● Directions for this task
Please retype the data below line for line and leave out every picture.
________________
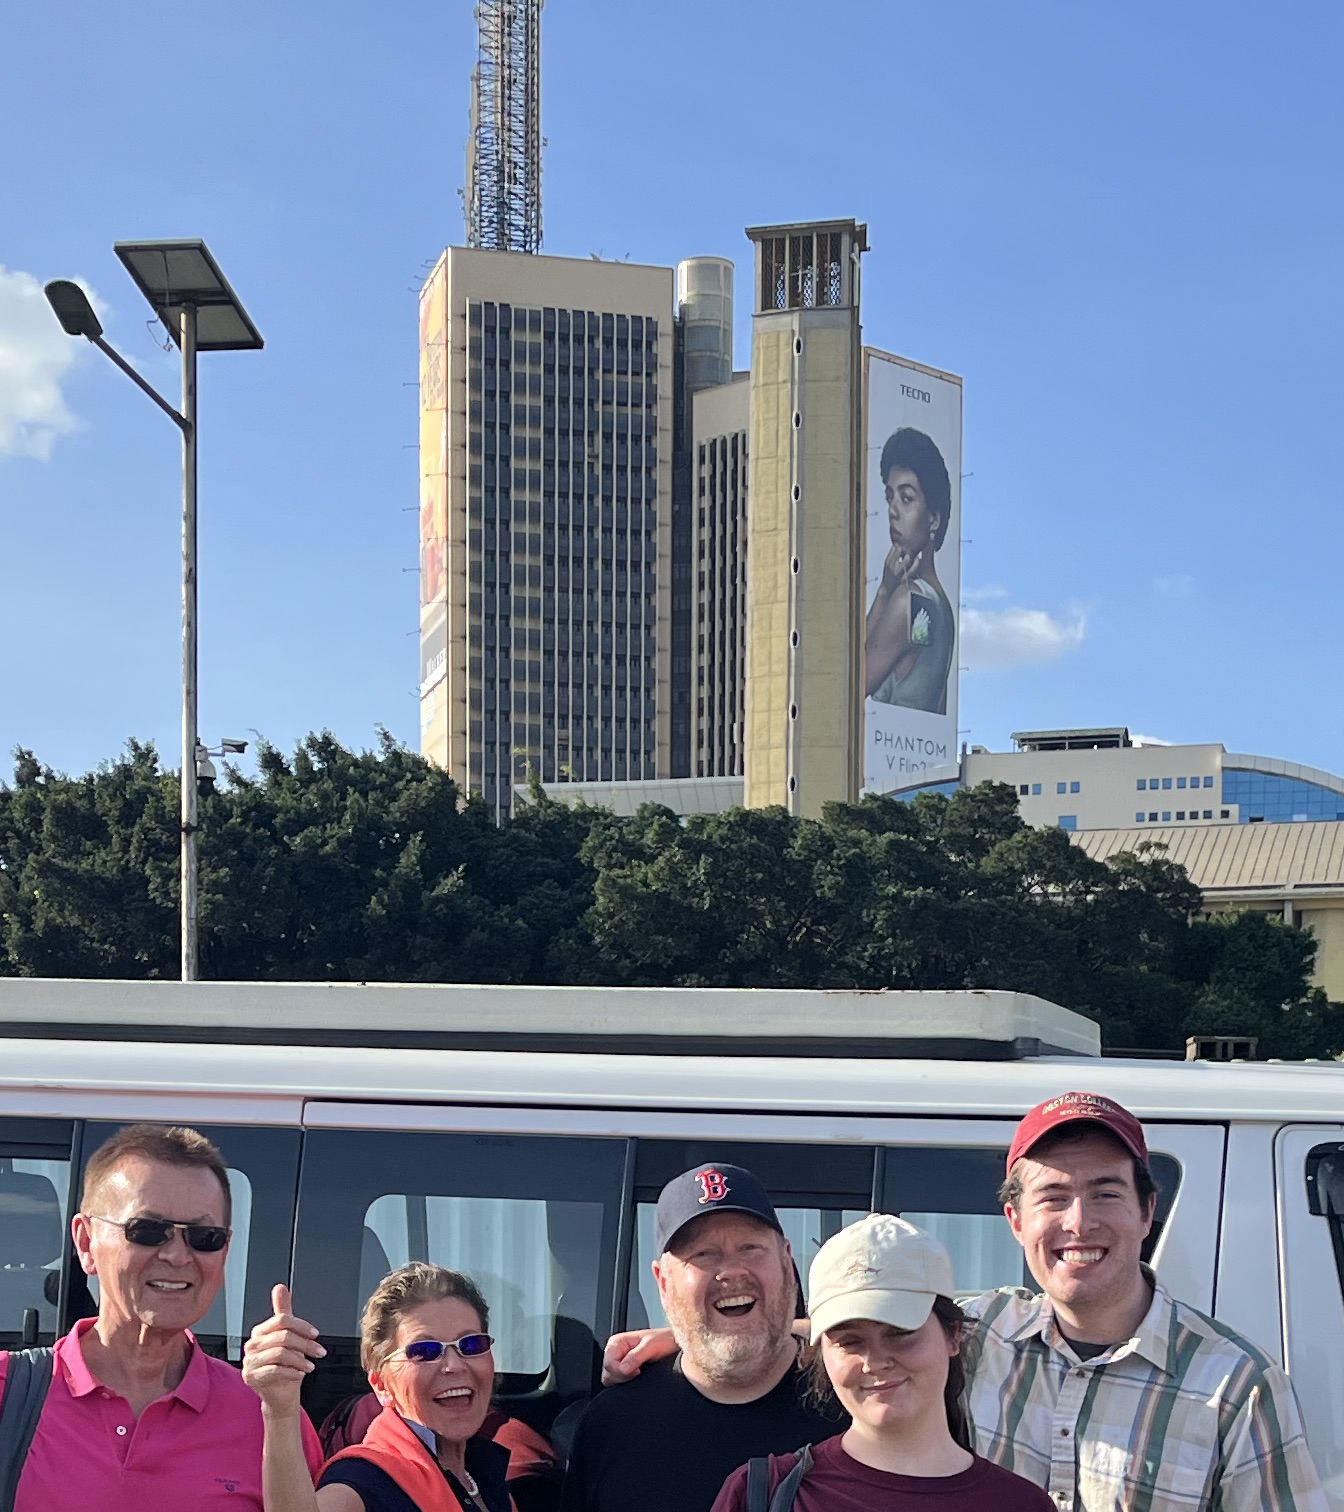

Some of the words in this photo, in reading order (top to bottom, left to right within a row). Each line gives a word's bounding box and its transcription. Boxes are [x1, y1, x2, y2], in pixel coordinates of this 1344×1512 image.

[899, 383, 931, 404] TECNO
[874, 729, 947, 758] PHANTOM
[885, 754, 896, 770] V
[694, 1168, 732, 1204] B
________________
● The completed task
Some of the words in this photo, in reading order (top to bottom, left to right within a row). Each line gives a word's bounding box and its transcription. Boxes are [x1, y1, x2, y2], in pixel coordinates of this 1344×1512 image.

[899, 383, 931, 404] TECNO
[874, 729, 947, 758] PHANTOM
[885, 754, 896, 770] V
[694, 1168, 732, 1204] B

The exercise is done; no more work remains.